== Data excerpts ==
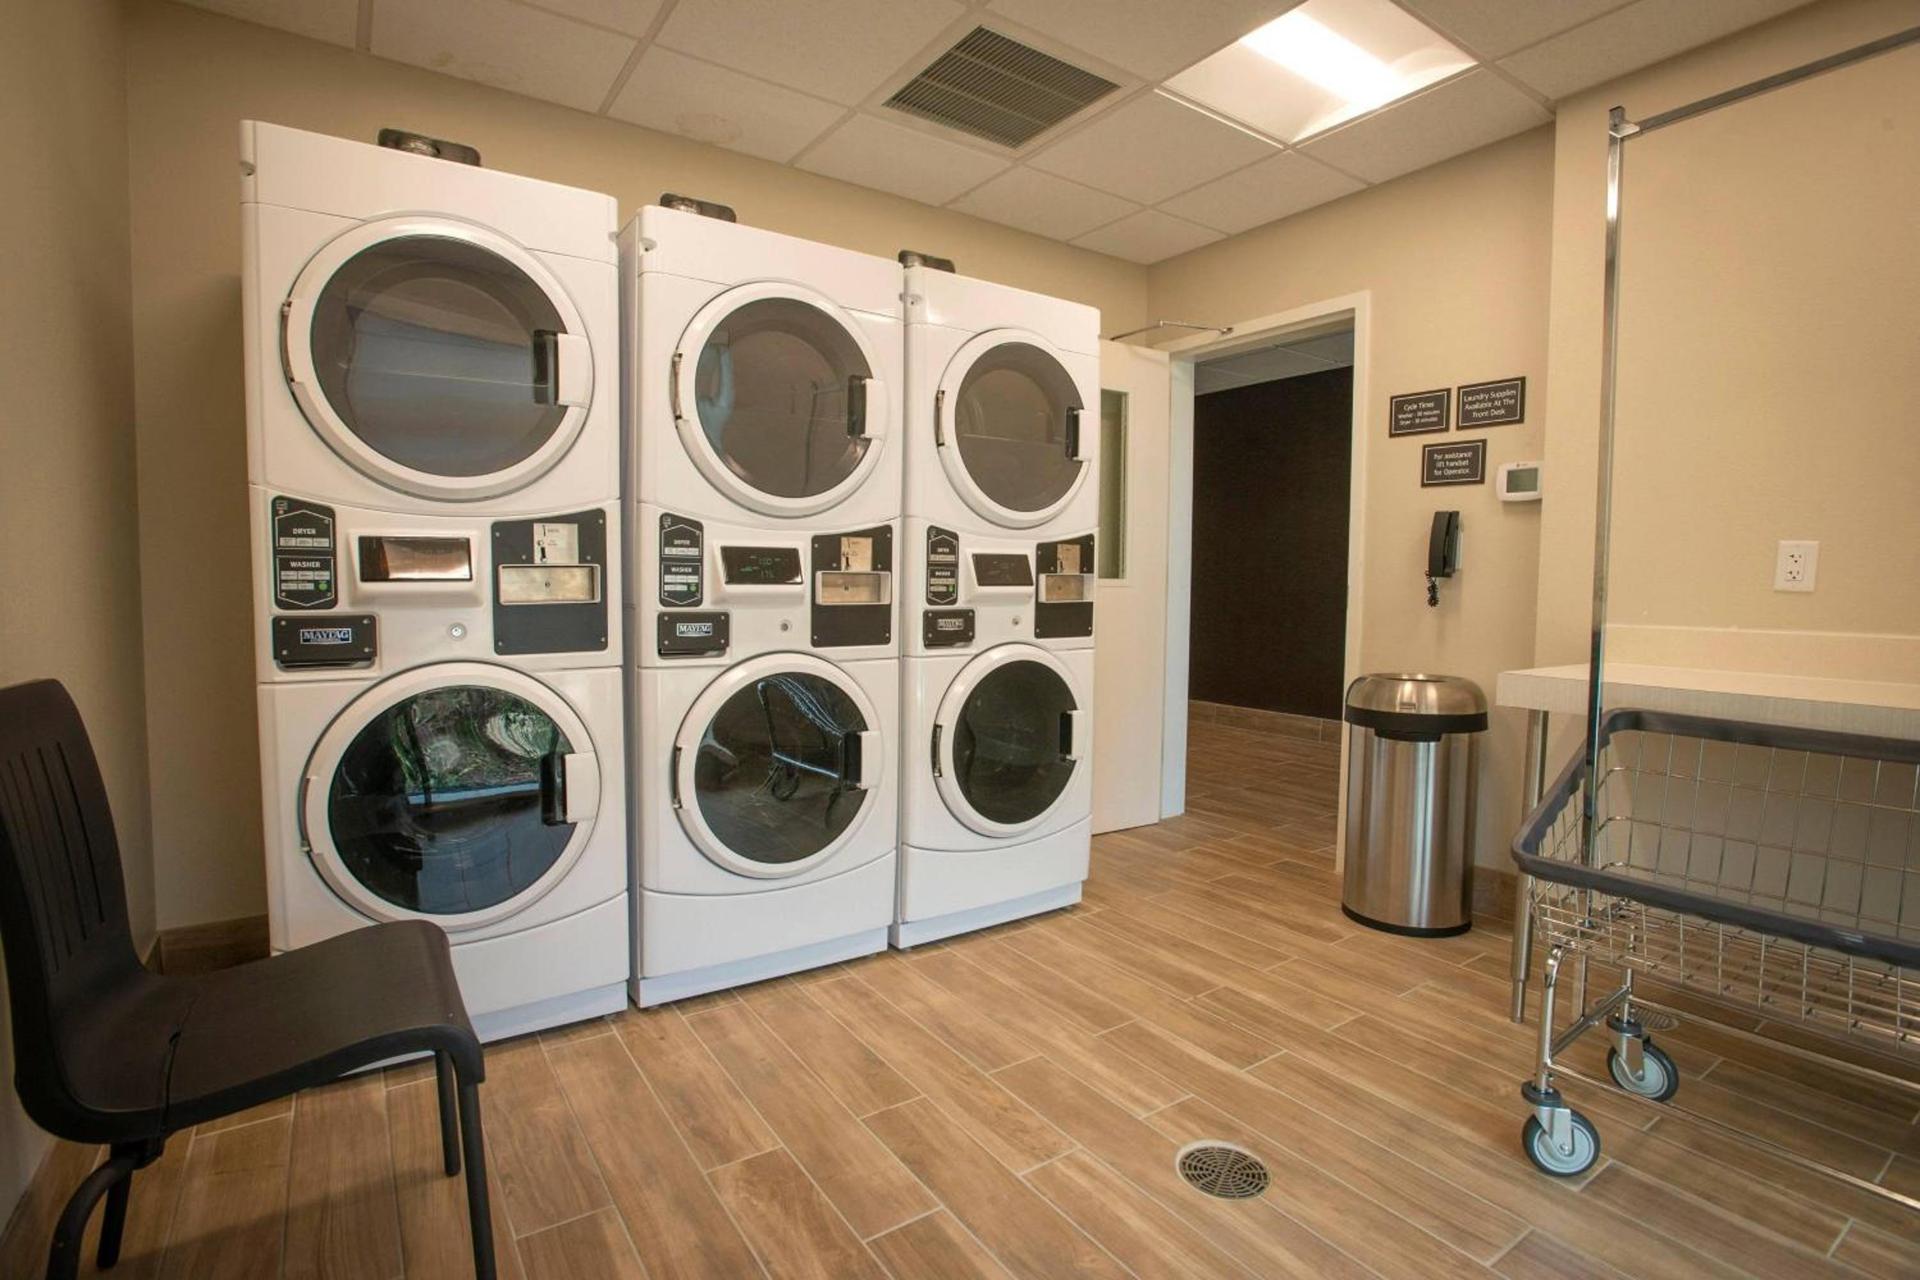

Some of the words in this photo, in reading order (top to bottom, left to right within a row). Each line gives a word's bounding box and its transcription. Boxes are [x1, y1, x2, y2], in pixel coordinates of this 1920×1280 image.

[1464, 393, 1489, 402] Laundry
[1490, 390, 1517, 399] Supplies
[1404, 403, 1417, 411] Cycle
[1464, 402, 1492, 410] Available
[1490, 408, 1505, 416] Desk
[303, 630, 349, 640] MAYTAG
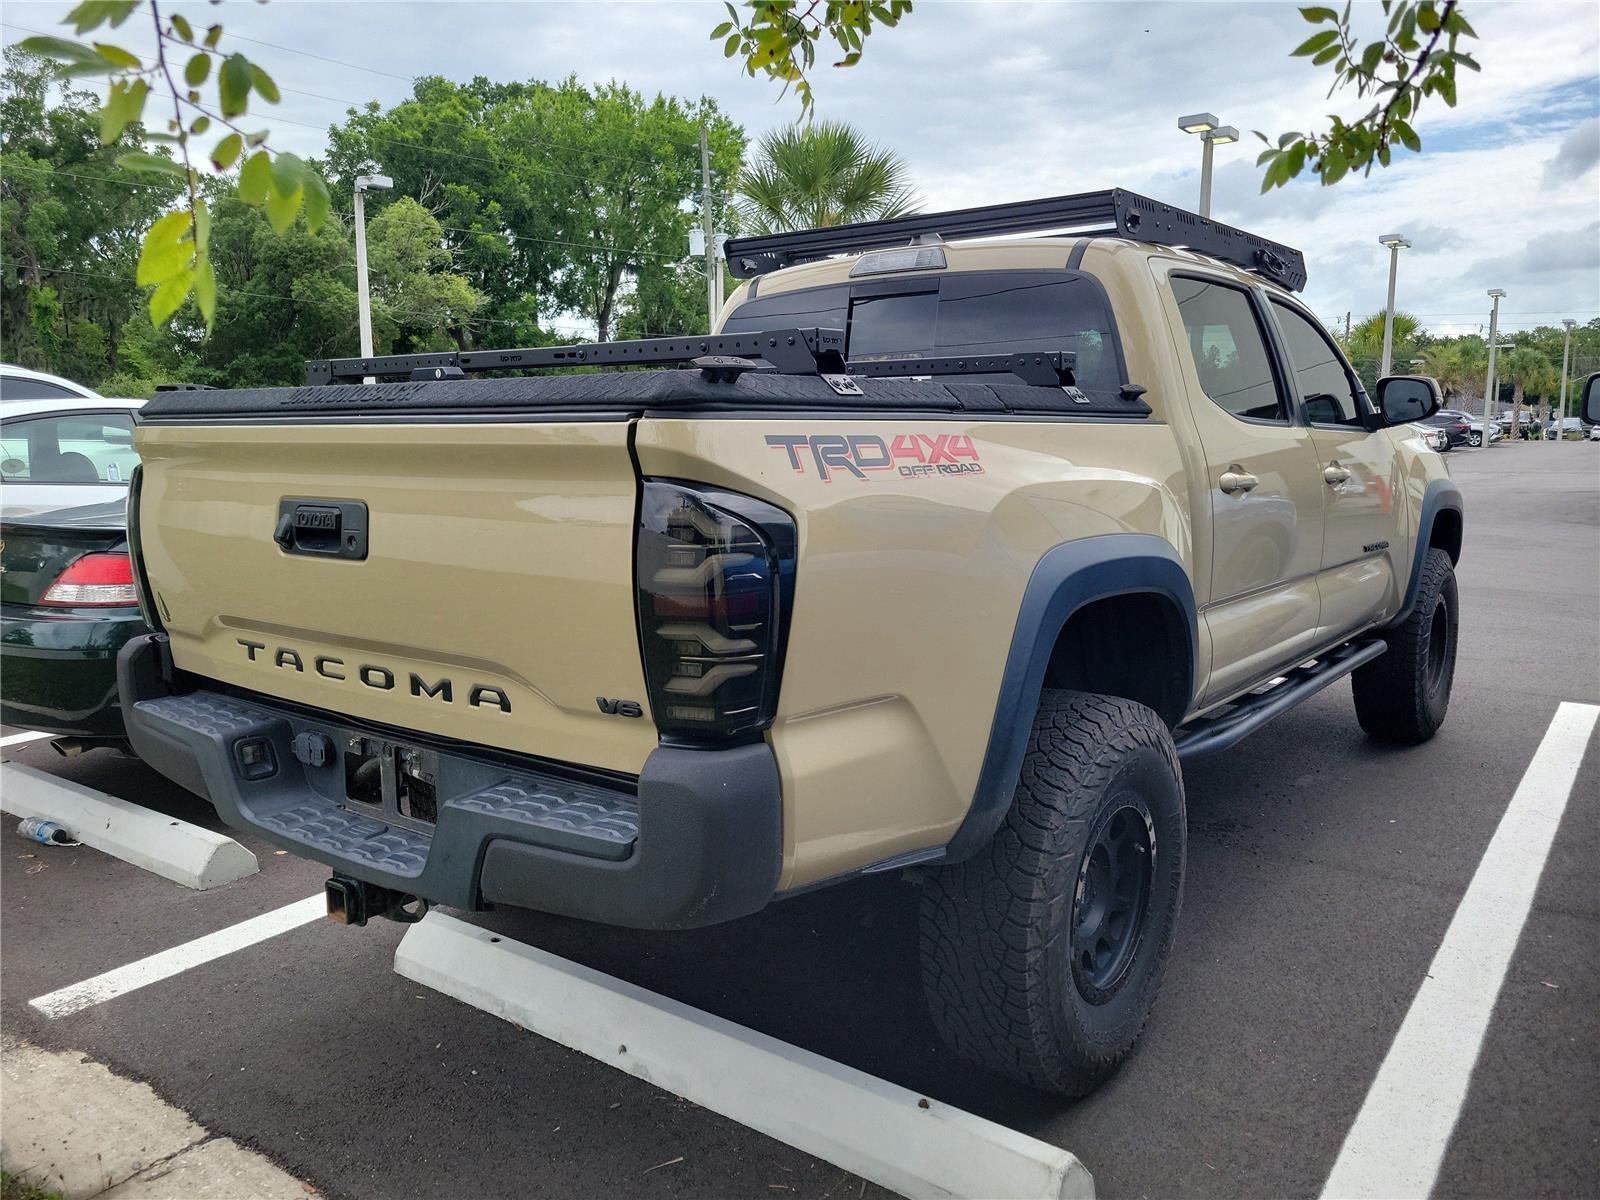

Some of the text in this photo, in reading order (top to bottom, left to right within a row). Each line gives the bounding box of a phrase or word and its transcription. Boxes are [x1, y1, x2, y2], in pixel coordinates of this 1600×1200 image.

== WHAT TO DO ==
Above are records to transcribe exactly; leave their pictures out.

== SOLUTION ==
Some of the words in this photo, in reading order (top to bottom, left to right within a row). Each line gives a word's bounding box and its transcription. Boxes are [x1, y1, x2, y2], in pixel coordinates of this 1920×1280 image.

[1464, 393, 1489, 402] Laundry
[1490, 390, 1517, 399] Supplies
[1404, 403, 1417, 411] Cycle
[1464, 402, 1492, 410] Available
[1490, 408, 1505, 416] Desk
[303, 630, 349, 640] MAYTAG

Some of the text in this photo, in reading order (top to bottom, left to right within a row). Each line gives the bounding box of a phrase or word and its transcription. Boxes are [x1, y1, x2, y2], in pixel coordinates of this 1600×1200 image.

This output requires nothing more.